→ WHAT YOU NEED TO DO: If a record holds a picture, skip the picture but print everything else exactly.

→ DATASET RECORDS:

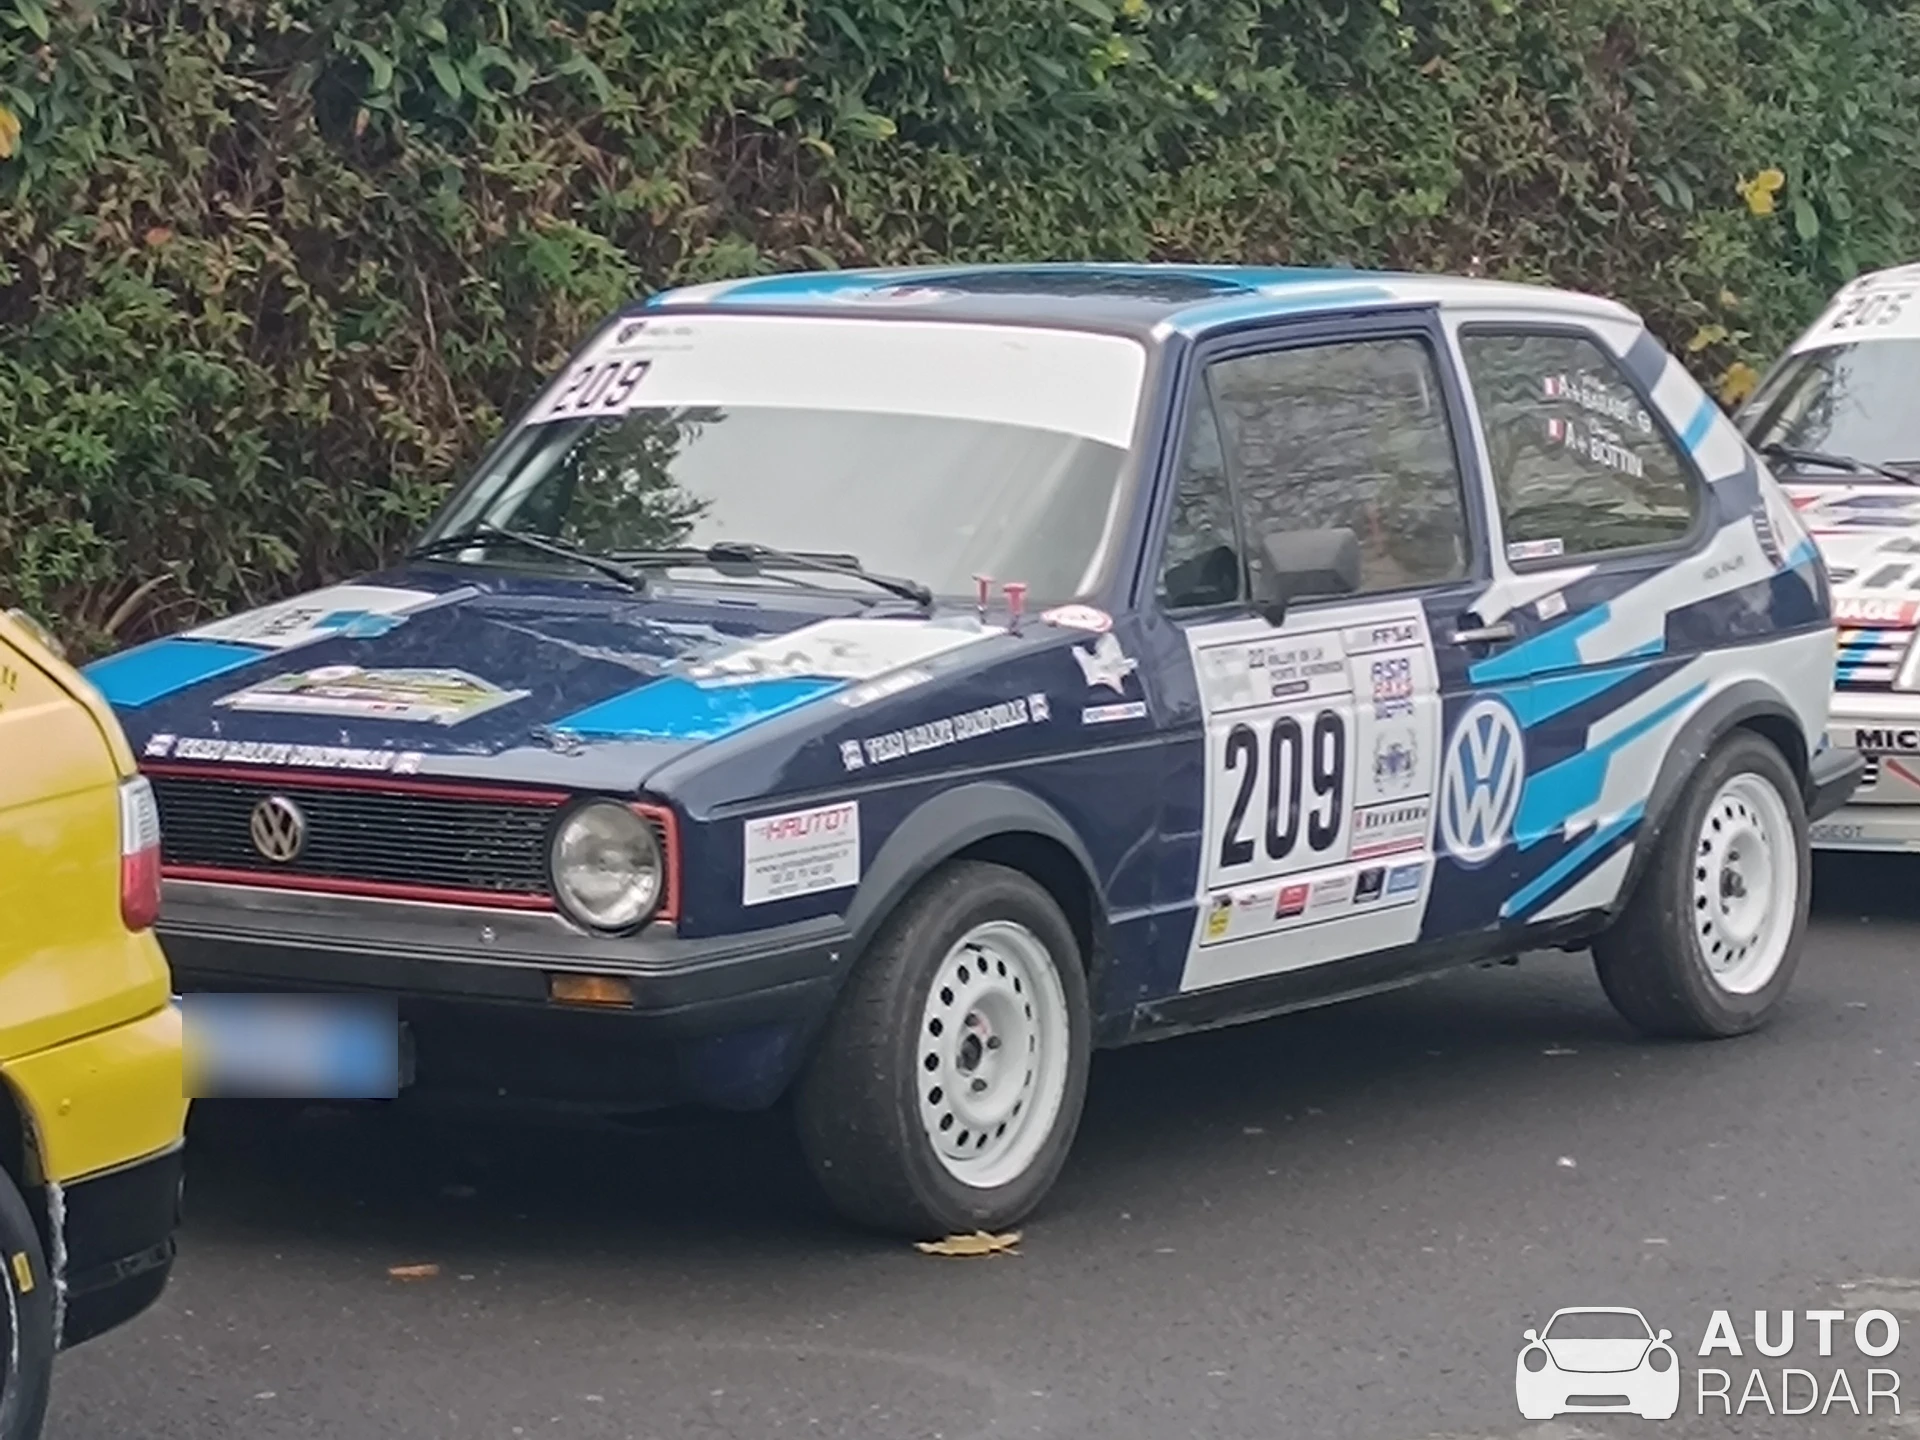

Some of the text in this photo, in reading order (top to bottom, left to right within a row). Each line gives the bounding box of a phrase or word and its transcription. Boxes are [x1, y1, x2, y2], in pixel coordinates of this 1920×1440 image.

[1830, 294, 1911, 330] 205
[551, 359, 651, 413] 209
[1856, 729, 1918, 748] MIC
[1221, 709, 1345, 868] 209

→ SOLUTION:
Some of the text in this photo, in reading order (top to bottom, left to right within a row). Each line gives the bounding box of a phrase or word and its transcription. Boxes are [x1, y1, x2, y2], in pixel coordinates of this 1920×1440 image.

[1830, 294, 1911, 330] 205
[551, 359, 651, 413] 209
[1856, 729, 1918, 748] MIC
[1221, 709, 1345, 868] 209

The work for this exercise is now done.